- REQUIRED ACTION -
Without carrying over a single picture, write out the records below exactly.

- Dataset entries -
---

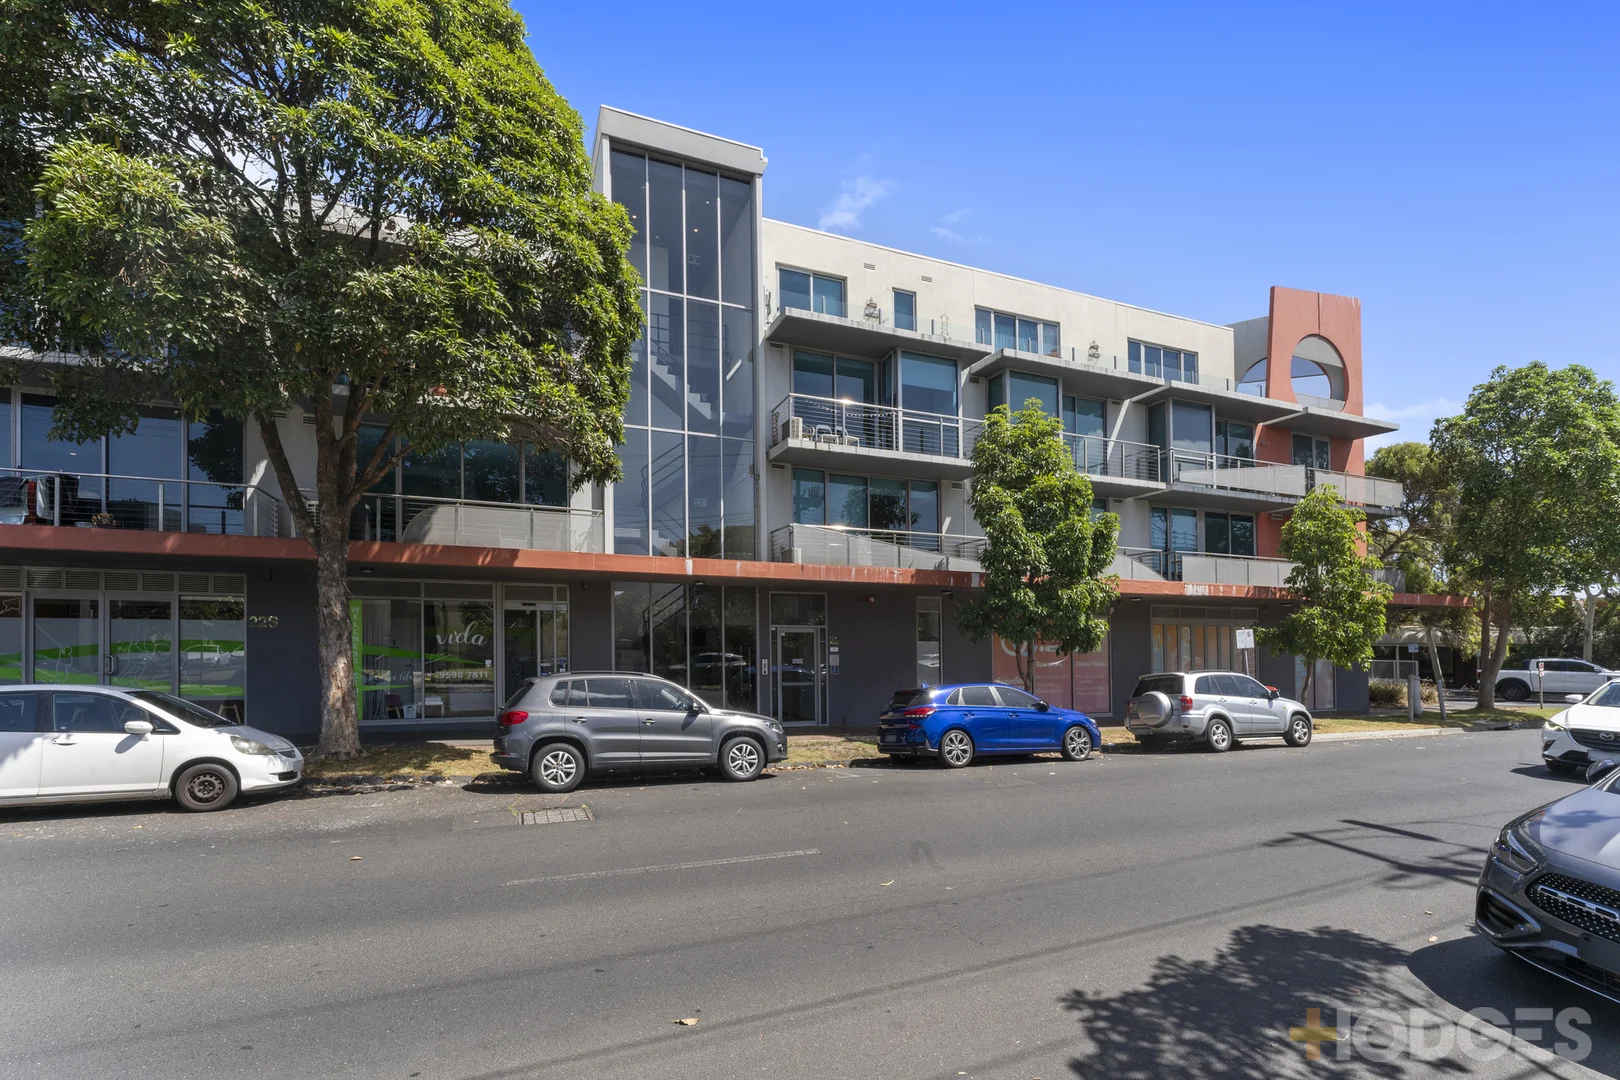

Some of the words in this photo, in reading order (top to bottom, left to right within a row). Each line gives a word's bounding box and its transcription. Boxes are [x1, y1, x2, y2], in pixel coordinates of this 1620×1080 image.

[351, 606, 360, 665] WELLNESS
[435, 620, 488, 646] vida
[439, 671, 463, 679] 9598
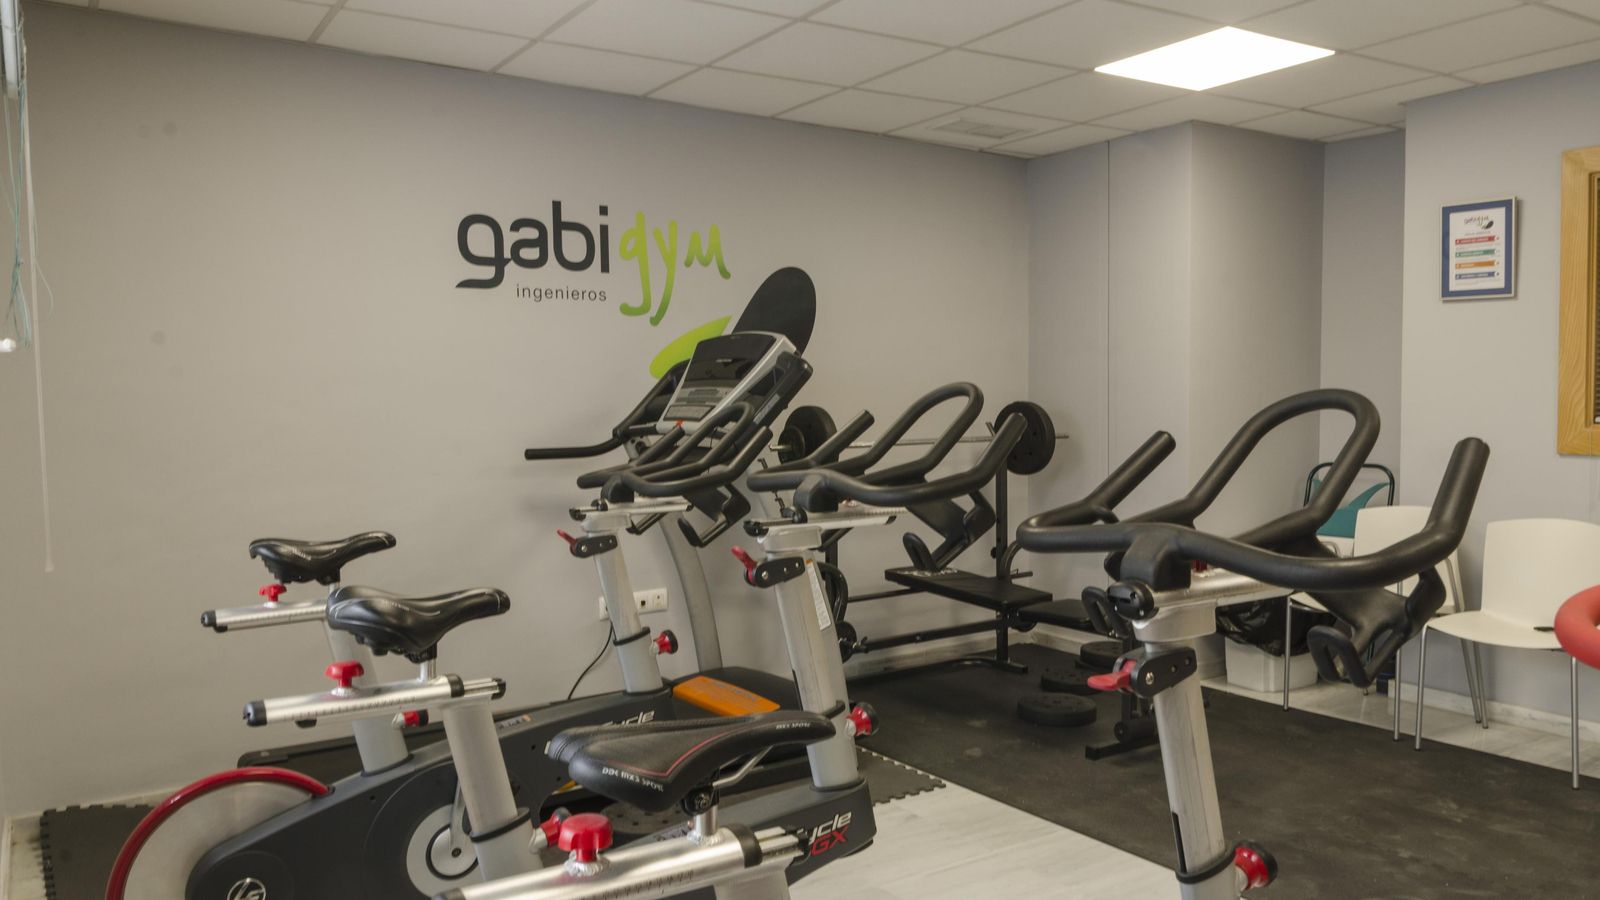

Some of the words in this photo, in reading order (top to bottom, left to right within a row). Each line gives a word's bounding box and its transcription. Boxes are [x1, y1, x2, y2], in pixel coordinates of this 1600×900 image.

[455, 200, 610, 289] gabi
[619, 211, 731, 327] gym
[516, 284, 607, 302] ingenieros
[811, 823, 849, 857] GX
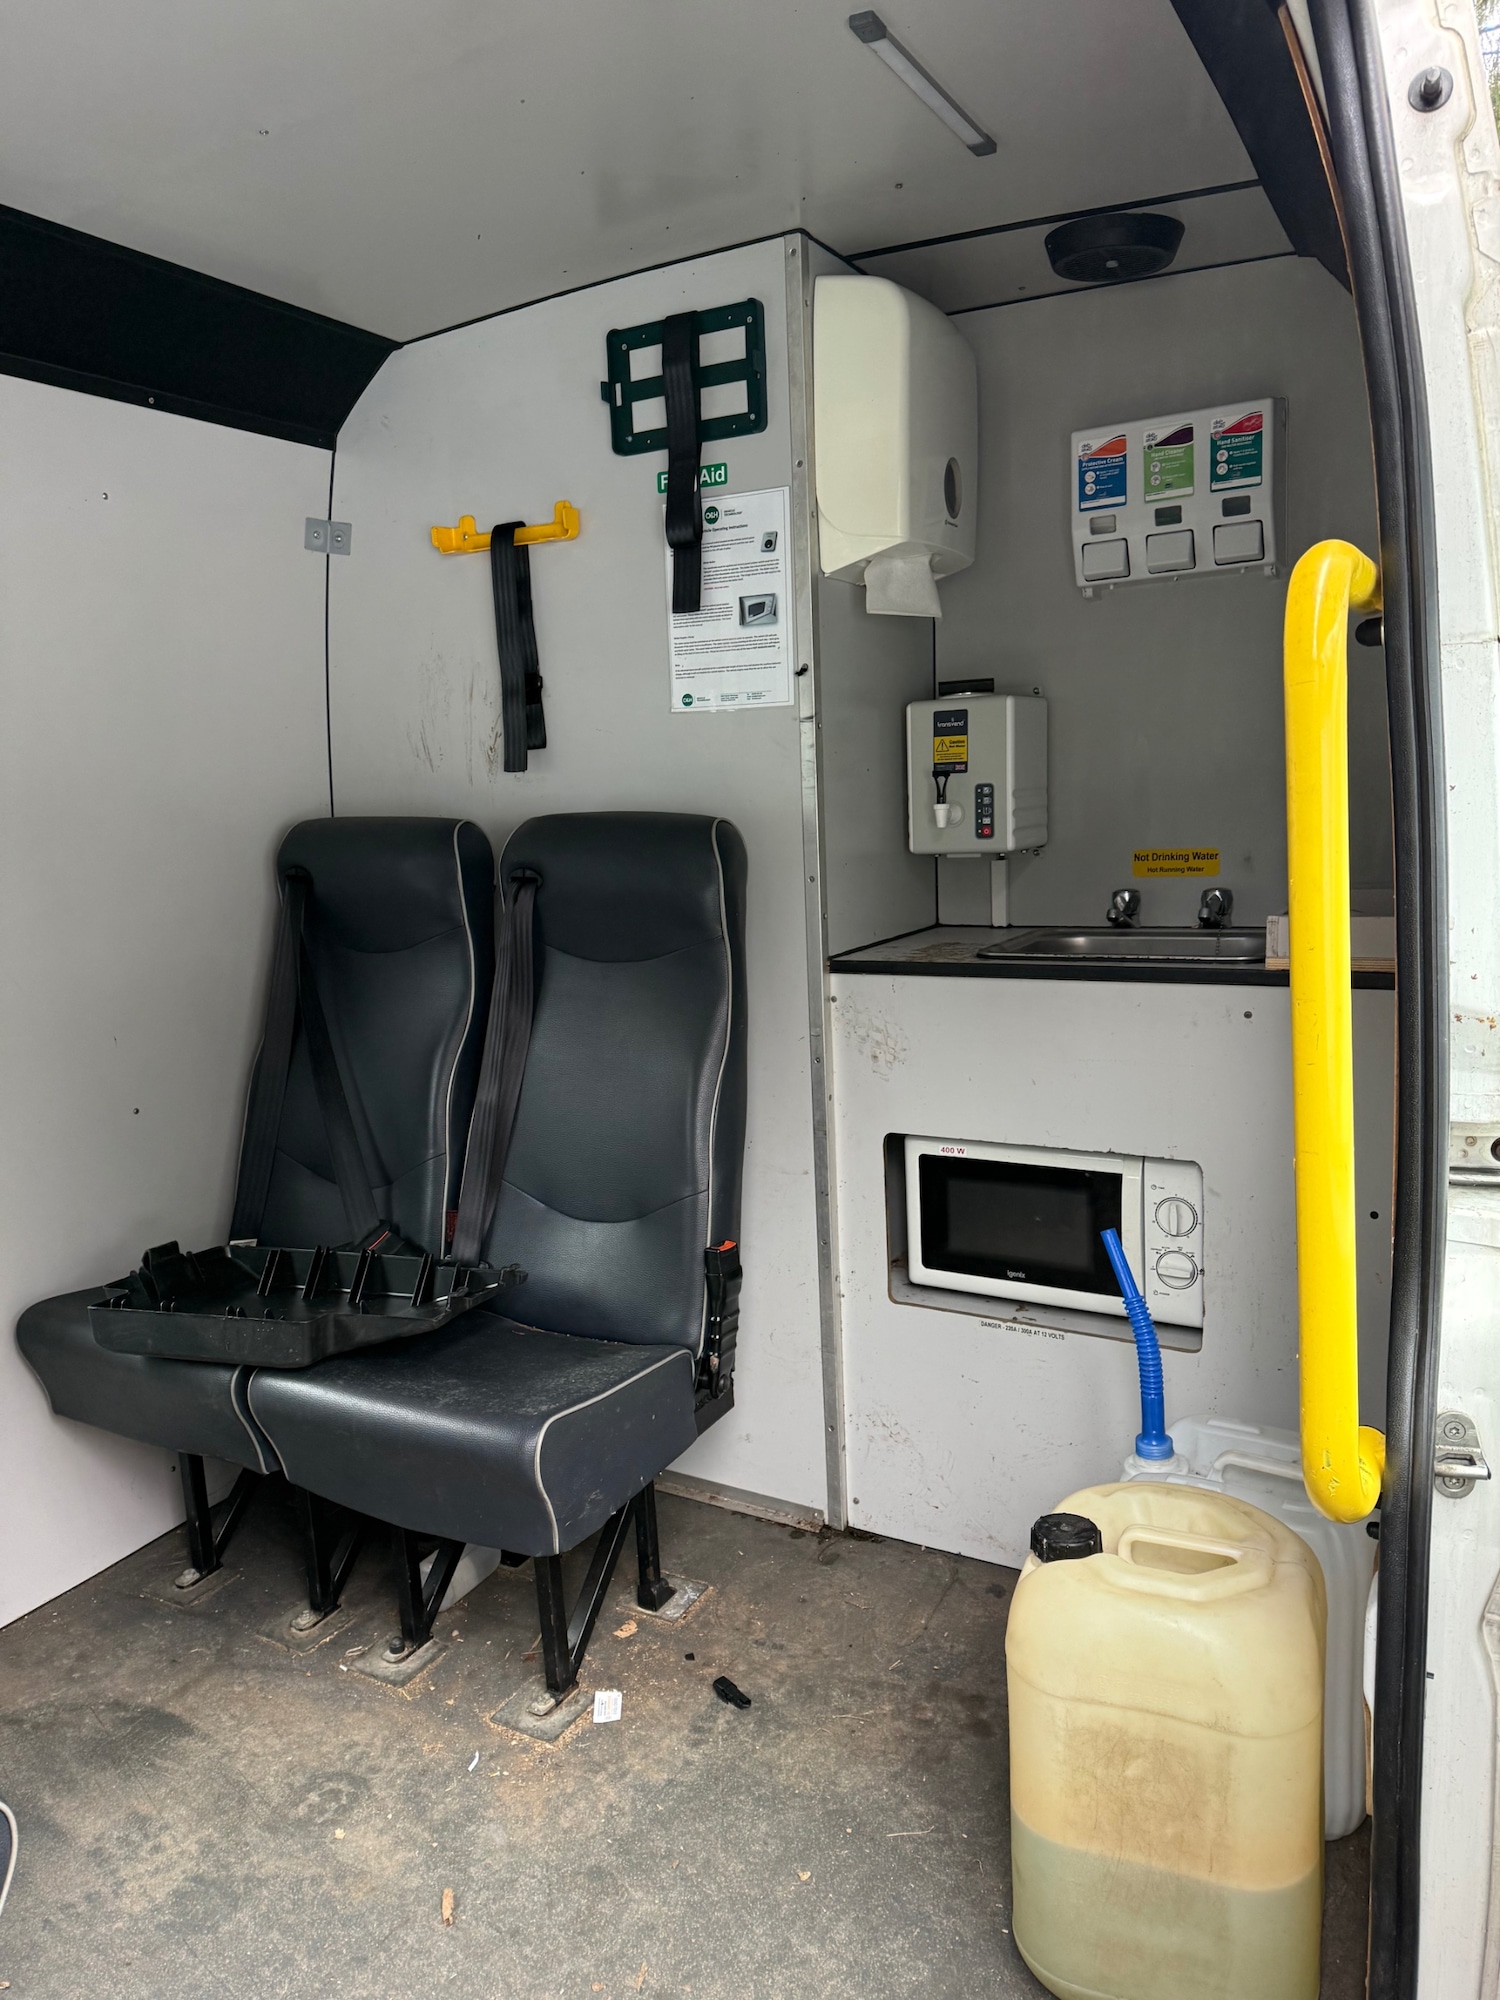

---

- ANSWER BOX -
Some of the words in this photo, in reading order (top to bottom, left to right within a row). Each line gives a word's bounding box and its transcription. Boxes are [x1, y1, x2, y2], in pixel coordinates of this 1620×1080 image.

[351, 606, 360, 665] WELLNESS
[435, 620, 488, 646] vida
[439, 671, 463, 679] 9598

Some of the words in this photo, in reading order (top to bottom, left to right within a row). Each line gives a word's bounding box and its transcription. Boxes are [x1, y1, x2, y2], in pixel coordinates of this 1600×900 image.

[455, 200, 610, 289] gabi
[619, 211, 731, 327] gym
[516, 284, 607, 302] ingenieros
[811, 823, 849, 857] GX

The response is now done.